Work instruction
Keep every word of the entries and print them exactly; the pictures stay out.

(Dataset entries)
---
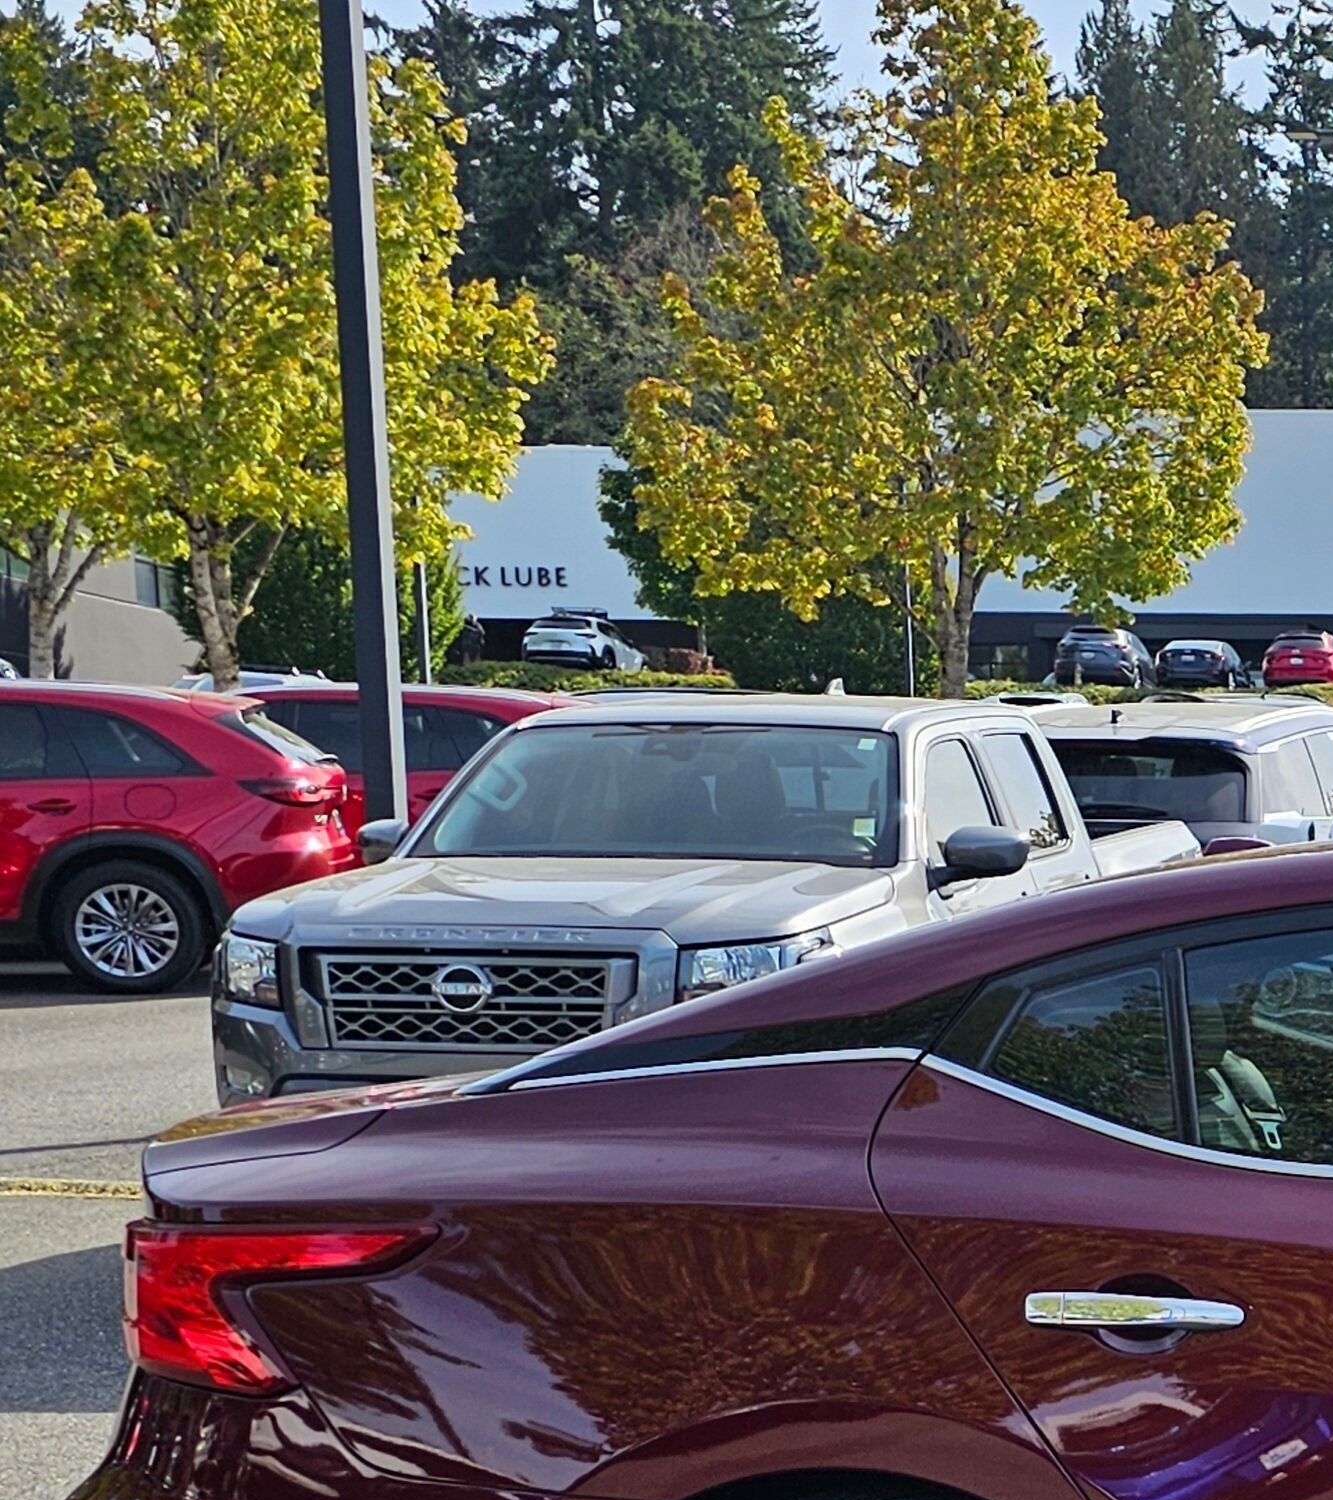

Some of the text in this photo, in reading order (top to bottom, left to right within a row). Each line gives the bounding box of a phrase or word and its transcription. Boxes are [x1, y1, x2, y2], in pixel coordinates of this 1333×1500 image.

[500, 566, 568, 587] LUBE
[347, 927, 592, 942] FRONTIER
[431, 982, 492, 995] NISSAN
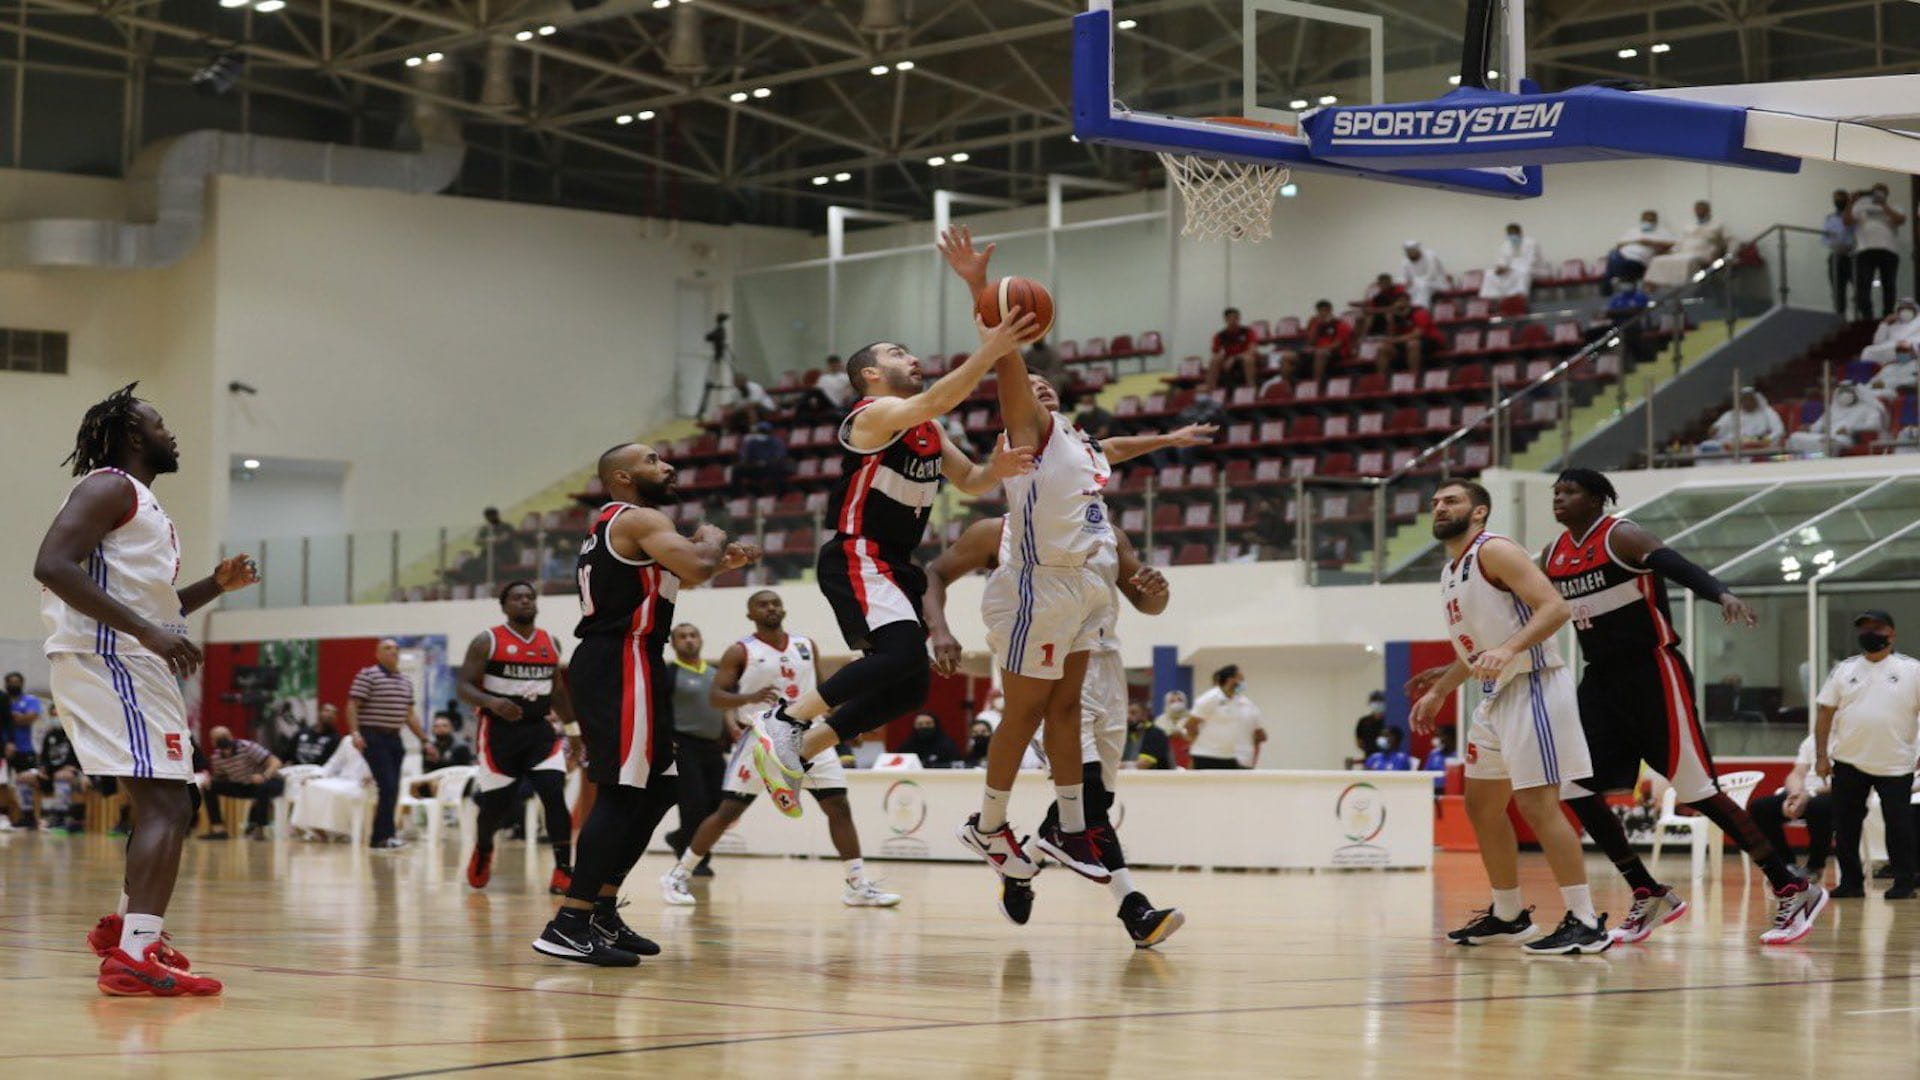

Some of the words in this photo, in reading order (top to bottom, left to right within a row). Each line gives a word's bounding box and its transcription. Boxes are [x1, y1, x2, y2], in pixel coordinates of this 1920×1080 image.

[1332, 102, 1565, 143] SPORTSYSTEM
[1041, 643, 1055, 667] 1
[164, 733, 183, 761] 5
---
Response
Some of the text in this photo, in reading order (top to bottom, left to right within a row). Each line gives the bounding box of a phrase or word and its transcription. Boxes are [x1, y1, x2, y2], in pixel coordinates of this 1333×1500 image.

[500, 566, 568, 587] LUBE
[347, 927, 592, 942] FRONTIER
[431, 982, 492, 995] NISSAN

Some of the words in this photo, in reading order (top to bottom, left to right within a row). Each line gives a word's bounding box and its transcription. Boxes are [x1, y1, x2, y2], in pixel coordinates of this 1920×1080 image.

[1332, 102, 1565, 143] SPORTSYSTEM
[1041, 643, 1055, 667] 1
[164, 733, 183, 761] 5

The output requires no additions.